‘Without the accent?’ asked Hogarth.
‘It’s not as easy to maintain as you might think!’ returned Elodie. ‘Soon, I got involved with family life. I was more than happy to help out in any way. I began painting wooden furniture and knick-knacks. It was fun and I took to it like a duck to water. They gave me my own little studio. Anything that needed painting or polishing, they gave to me. I liked to contribute but, actually, it was a relative of theirs, a Madame Charpentier of the Maison Chapeaux Charpentier, who paid for my upkeep.’
‘That’s wonderful to hear, Elodie. But how did you cope with what you’d been through all those years, and the way it ended?’
‘Well, I now had a good life. Except for the nightmares and the flashbacks. Then I began to be treated by a doctor. Madame paid for that too. In time, through Madame, I met Vera and Harry. The Charpentier family told them my story. Vee and Harry spent time with me, invited me to go back to Spain with them for holidays. Before I knew it, I was spending more time with them than in France. Vera taught me to use a camera, and I started painting artwork.’
‘Ah, so that’s where your talent started to really show itself.’
‘I suppose so. Vera and Harry offered to pay for my college education, studying art. Just to be on the safe side, I changed my name again, to Lucia Palomo.’
***
‘So Elodie is Lucy?’ interrupted Amanda. ‘But why not call herself Lucy — Lucia? It’s on the bell after all.’
Hogarth simply looked at her enigmatically until she calmed down, apologised, and asked him to carry on.

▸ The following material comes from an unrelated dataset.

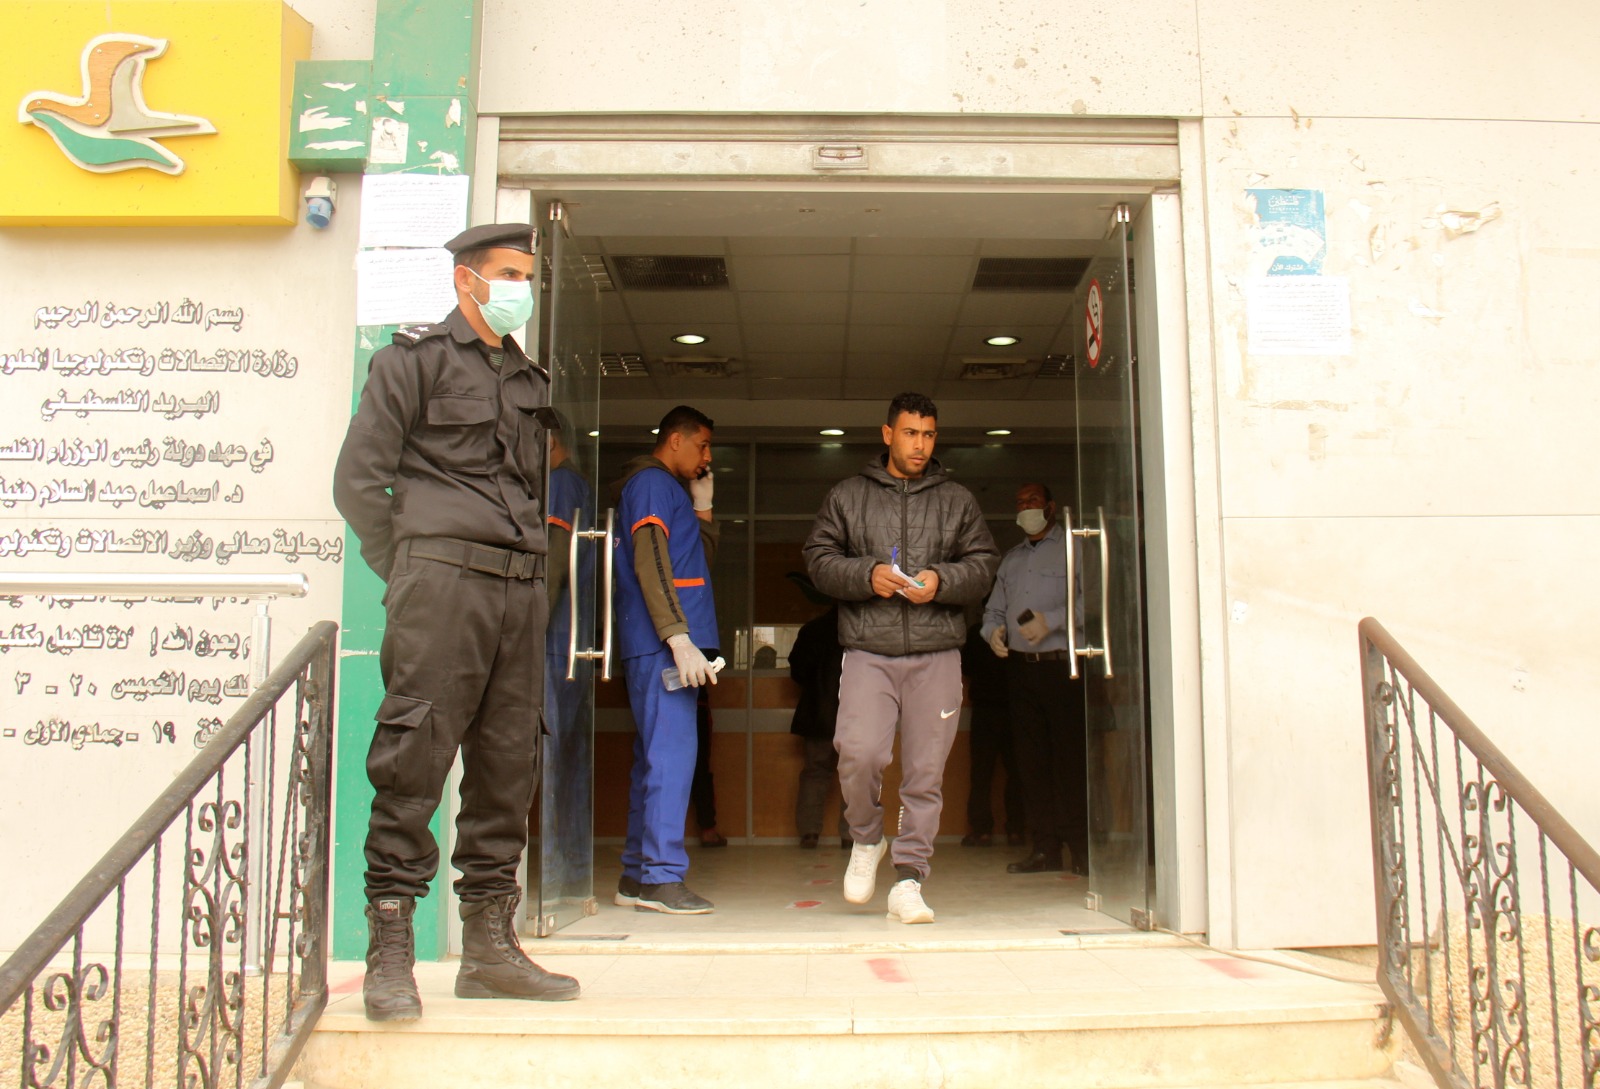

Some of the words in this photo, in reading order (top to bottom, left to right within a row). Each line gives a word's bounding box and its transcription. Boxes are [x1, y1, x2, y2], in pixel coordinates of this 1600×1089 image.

‘That’s quite alright, my dear. I have nearly finished for this evening. My sister and brother-in-law put their house extension on the back burner, and Lucy’s university fees were secured. She lived at college and spent the hols with Vee and Harry or with the Charpentiers. Vee and Harry also arranged for Lucy to continue treatment with a doctor they trusted. After fourteen years of therapy, Lucy was a resolved case. The doctor had died the previous year so was not readily available for an interview! Lucy’s father died of a heart attack, and the mother moved abroad on the strength of the life insurance money, thereby providing further closure. And that brought us up to the then present time. I said,
“Thank you for sharing your story with me. I cannot express my appreciation more deeply.”
At that, Zoe popped up.
“You can buy me an ice-cream.”
“I most certainly can and shall,’ I replied. Then Marielle spoke:
“But it isn’t really what you want to know, is it?”’
***
‘Yes, there we stop for tonight,’ Hogarth finished.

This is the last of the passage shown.